Nessuna nuova disposizione vescovile, ma solo l’applicazione di quanto da sempre stabilisce il Diritto canonico, con in più la presa d’atto del fallimento di “un esperimento” tentato in questi anni sul ruolo che i sindaci devono avere quando si insedia un parroco. È sintetizzata così la posizione della diocesi di Oppido Mamertina-Palmi, espressa in un lungo comunicato stampa – annunciato dal vescovo Francesco Milito nel servizio che abbiamo dedicato al caso nei giorni scorsi – per chiarire i contorni di una polemica che fin qui non aveva registrato il punto di vista del clero locale.

Erano stati i sindaci di Cosoleto e Scido, Nino Gioffrè e Giuseppe Zampogna, a protestare per il divieto che avevano subito in occasione dell’immissione dei due nuovi parroci dei loro paesi: avevano seguito la funzione, con tanto di fascia, ma gli era stato comunicato che non potevano prendere la parola per portare il saluto della comunità.      

«Nel corso degli anni – afferma l’Ufficio per le comunicazioni sociali della diocesi reggina - si è tentato di prevedere un intervento da parte dei sindaci. L’esperimento non si è dimostrato proficuo per due ragioni fondamentali: l’eccessivo prolungamento temporale della liturgia e interventi spesso lontani dalla natura della Liturgia e sfociati in comizi e propagande politici».

 

Da qui, da questa analisi a metà tra misurazioni cronometriche e stima dell’applausometro, nasce la decisione di applicare quanto successivamente al Concilio Vaticano II si prevede nel cosiddetto Benedizionale.   

«Dovendo, pertanto, evitare che nella Liturgia entrassero elementi tali da inficiare il valore cultuale – argomentano dalla diocesi - si è preferito attenersi in tutto all’indicazione legittima dei libri liturgici. A questo dovranno attenersi anche tutti i presbiteri per altre circostanze».

Respinte al mittente le polemiche sollevate dagli amministratori, e ribadito che le autorità civili rimangono lontano dall’altare mentre sono in corso funzioni liturgiche, l’Ufficio diocesano cita gli articoli e i libri che spiegano che  «l’eventuale saluto della cittadinanza si effettuerà opportunamente, secondo le consuetudini locali, in tempo e luoghi concordati». Anche il benvenuto del massimo rappresentante della comunità sarebbe ammesso, ma la nota passa a precisare “per tempi e luoghi concordati si intendono tempi e luoghi diversi dalla stessa celebrazione dell’Eucaristia».

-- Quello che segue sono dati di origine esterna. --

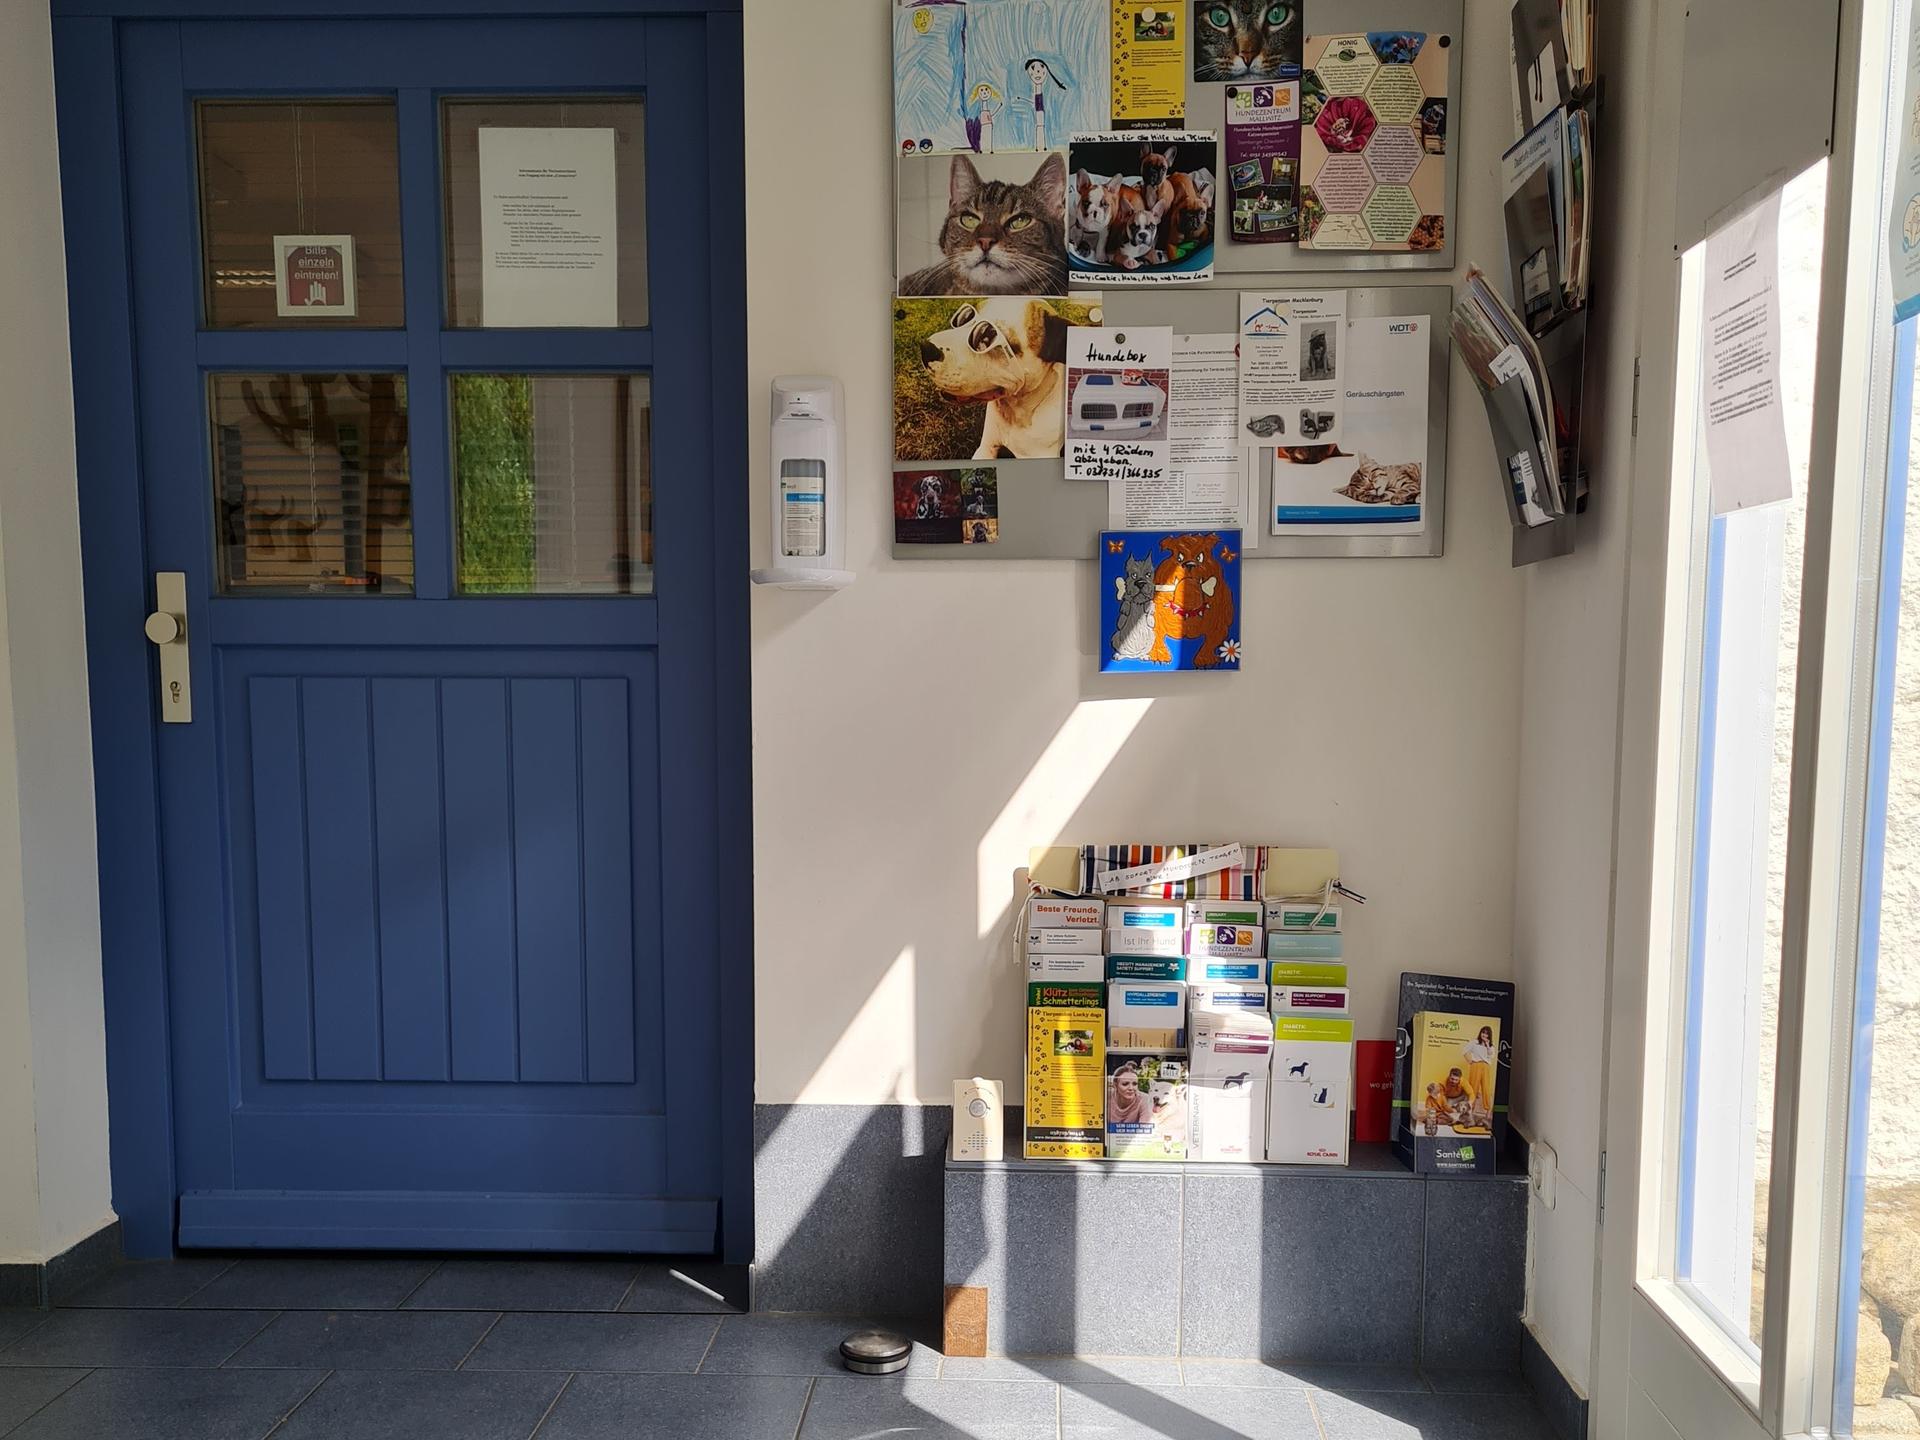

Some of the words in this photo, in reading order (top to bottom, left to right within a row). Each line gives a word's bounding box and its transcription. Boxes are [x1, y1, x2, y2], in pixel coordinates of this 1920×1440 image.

«La norma è ripresa nel Pontificale Romano – specifica il comunicato stampa -  in riferimento all’inizio del ministero di un nuovo vescovo nella sua diocesi. È noto come, da sempre, l’intervento dell’autorità civile in quella occasione avviene fuori dalla celebrazione liturgica e fuori dalla chiesa cattedrale». Secondo il vescovo il saluto sarebbe possibile, dunque, ma durante cerimonie civili e in luoghi diversi dalle chiese, visto che l’invasione di campo osservata durante “l’esperimento” fatto avrebbe confuso il sacro con il politico.